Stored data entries
—————

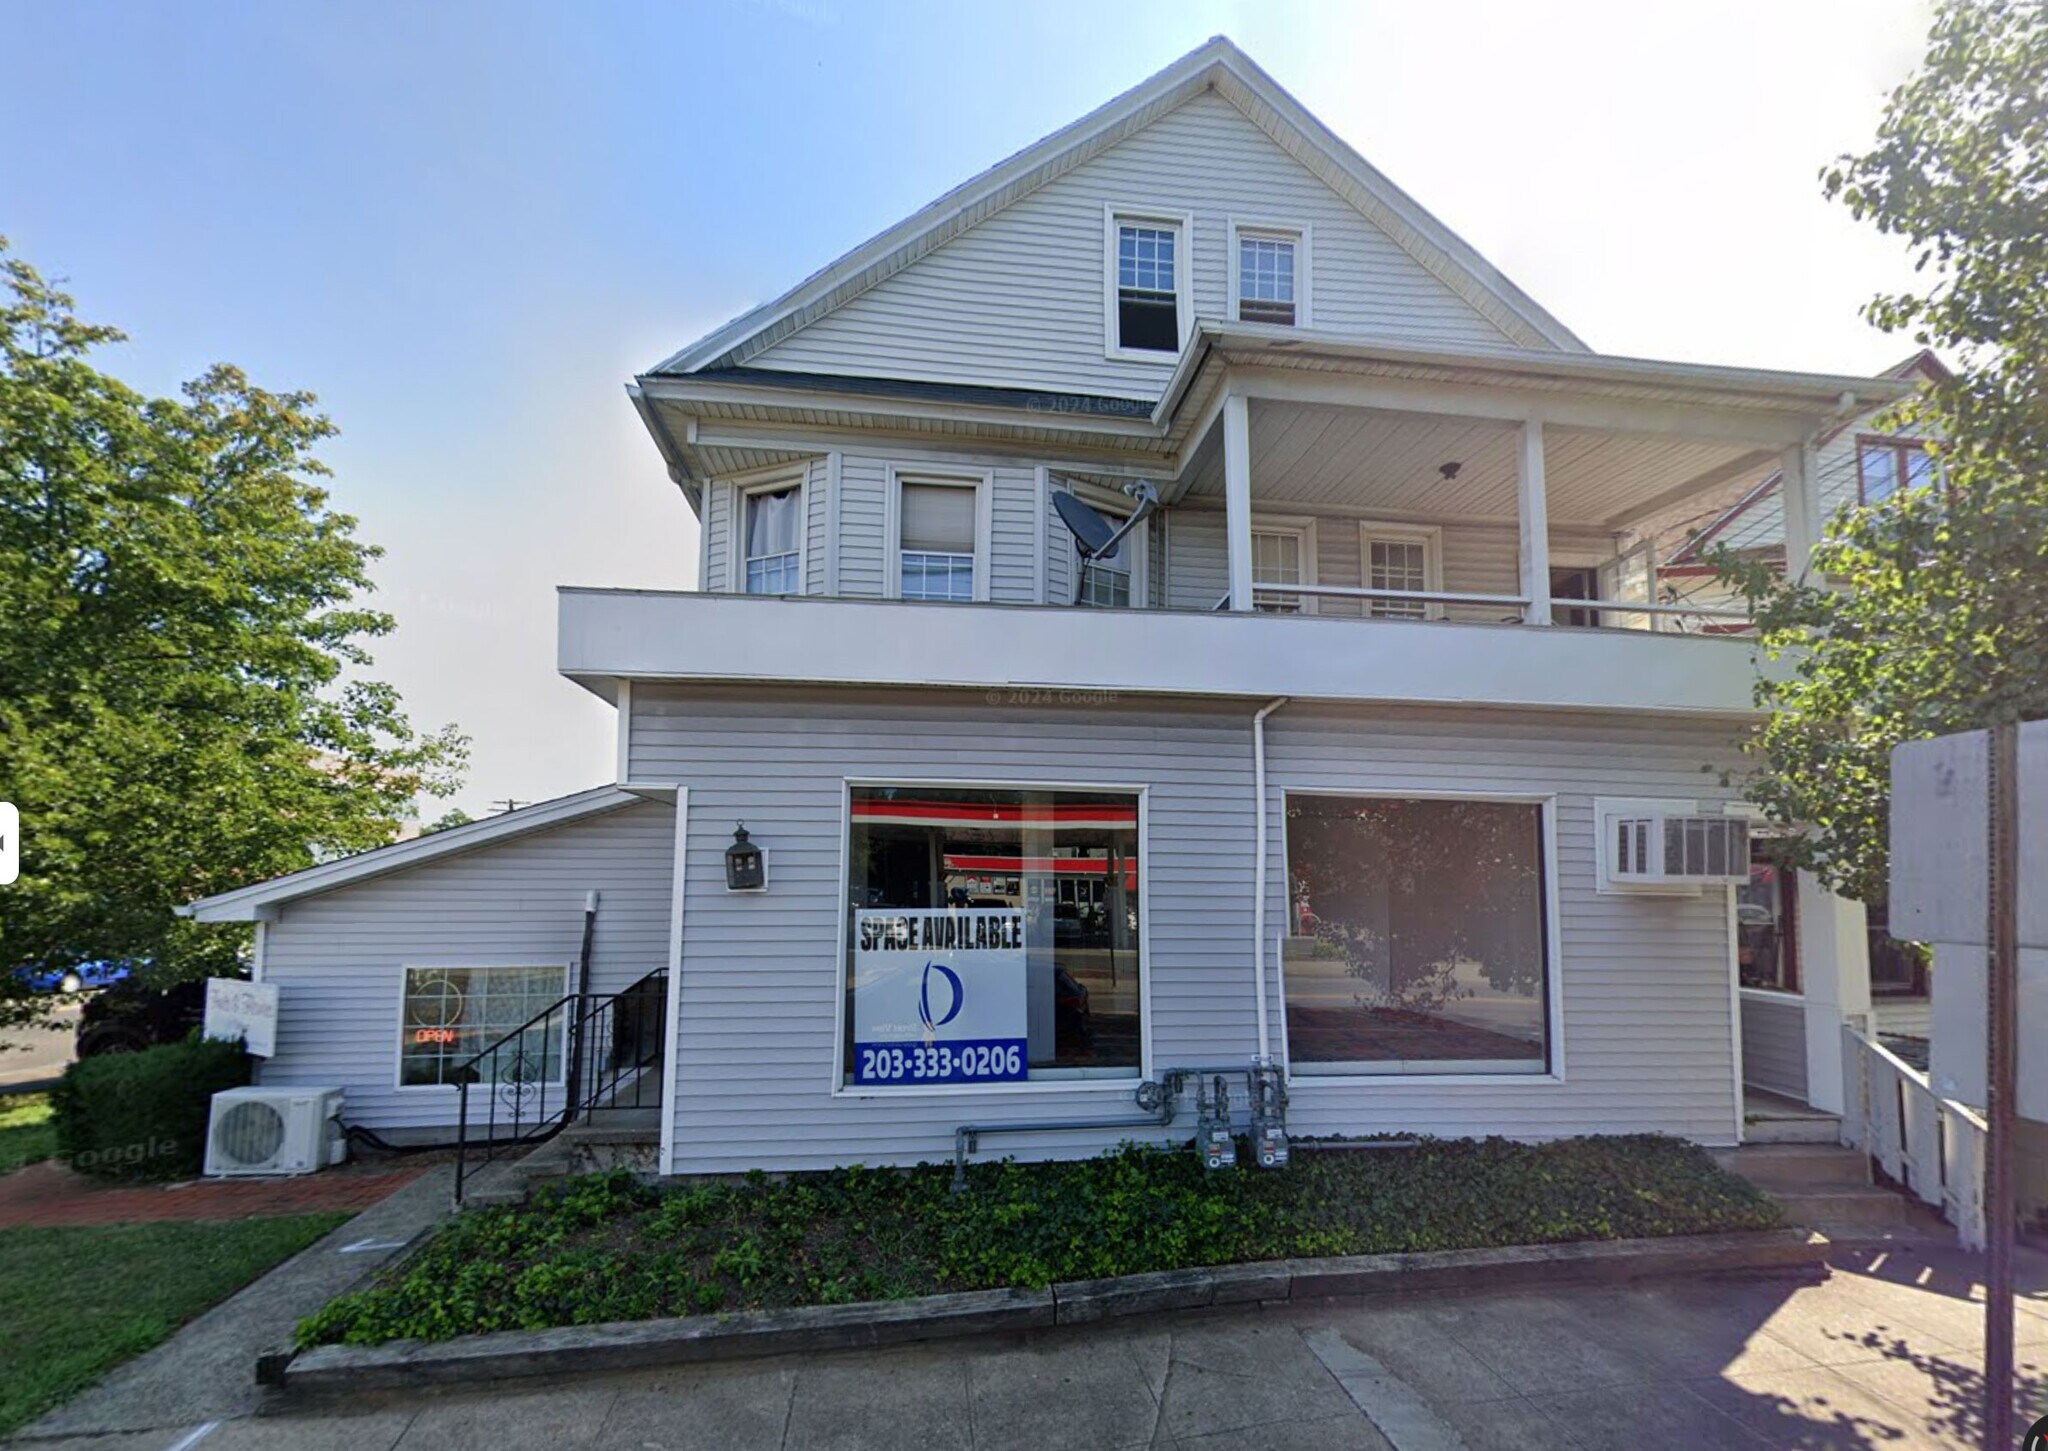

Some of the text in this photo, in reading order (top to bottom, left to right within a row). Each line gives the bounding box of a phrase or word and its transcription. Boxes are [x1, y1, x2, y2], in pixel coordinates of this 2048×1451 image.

[860, 915, 1022, 951] SPACE AVAILABLE
[416, 1029, 455, 1043] OPEN
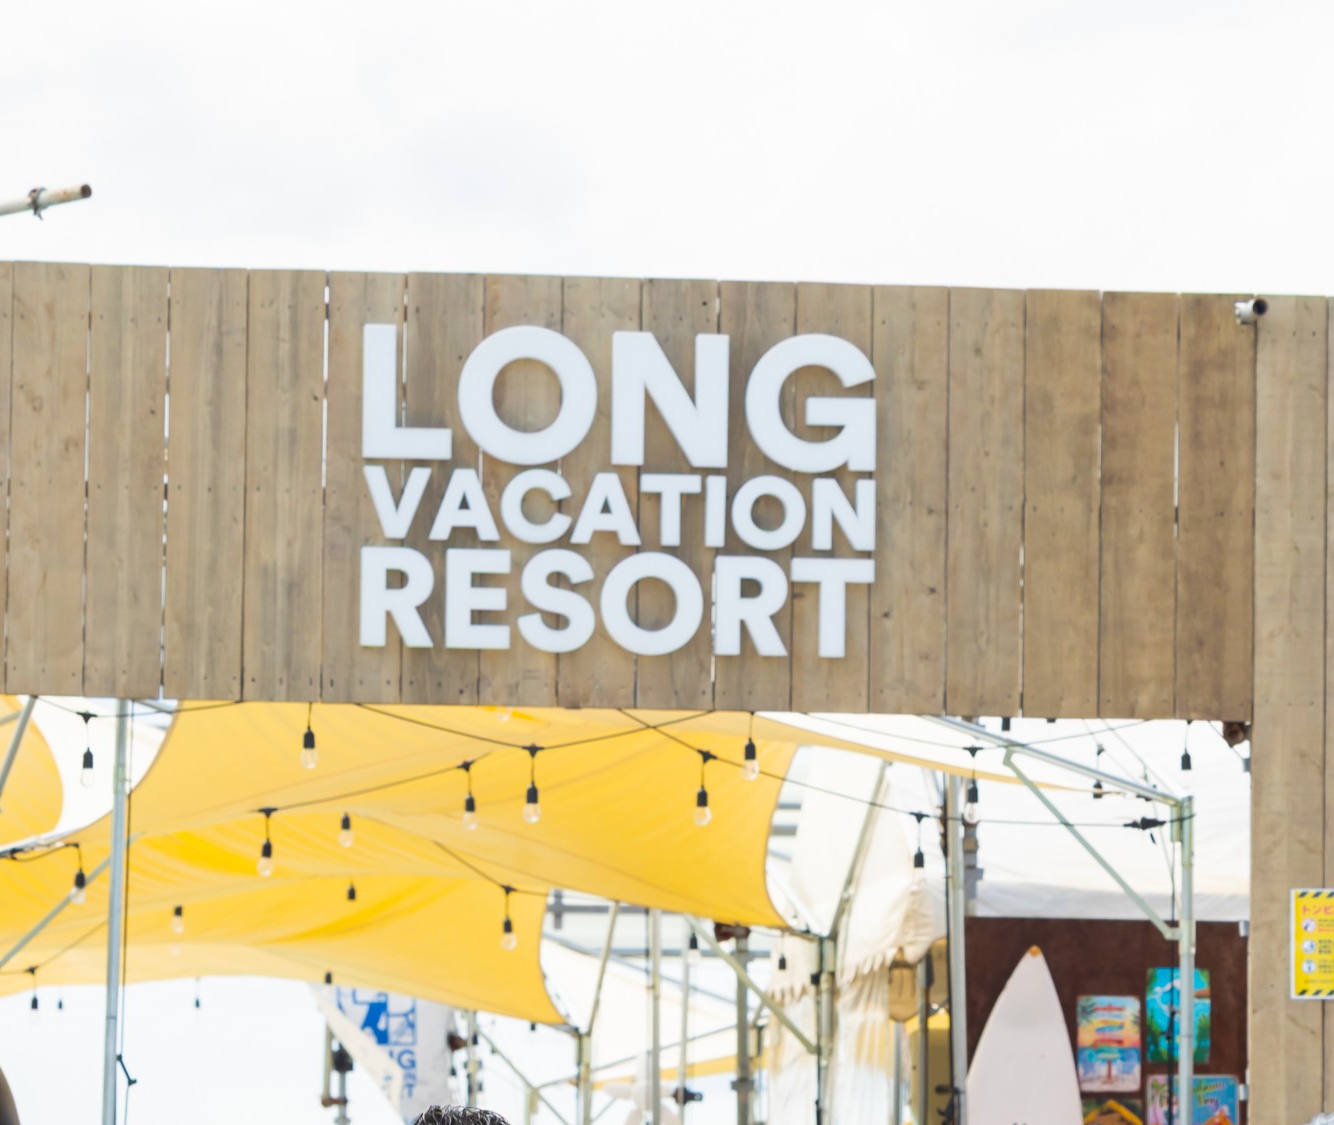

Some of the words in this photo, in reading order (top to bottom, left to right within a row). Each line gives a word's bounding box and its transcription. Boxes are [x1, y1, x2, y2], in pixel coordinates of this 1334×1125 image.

[361, 323, 877, 474] LONG
[363, 465, 877, 551] VACATION
[359, 546, 876, 658] RESORT

—————

▶ **EXERCISE DIRECTIONS**: Beginning from the line that contains "Some of the words", give each line again exactly, through the final line of the records.

▶ **ANSWER BELOW**:
Some of the words in this photo, in reading order (top to bottom, left to right within a row). Each line gives a word's bounding box and its transcription. Boxes are [x1, y1, x2, y2], in pixel coordinates of this 1334×1125 image.

[361, 323, 877, 474] LONG
[363, 465, 877, 551] VACATION
[359, 546, 876, 658] RESORT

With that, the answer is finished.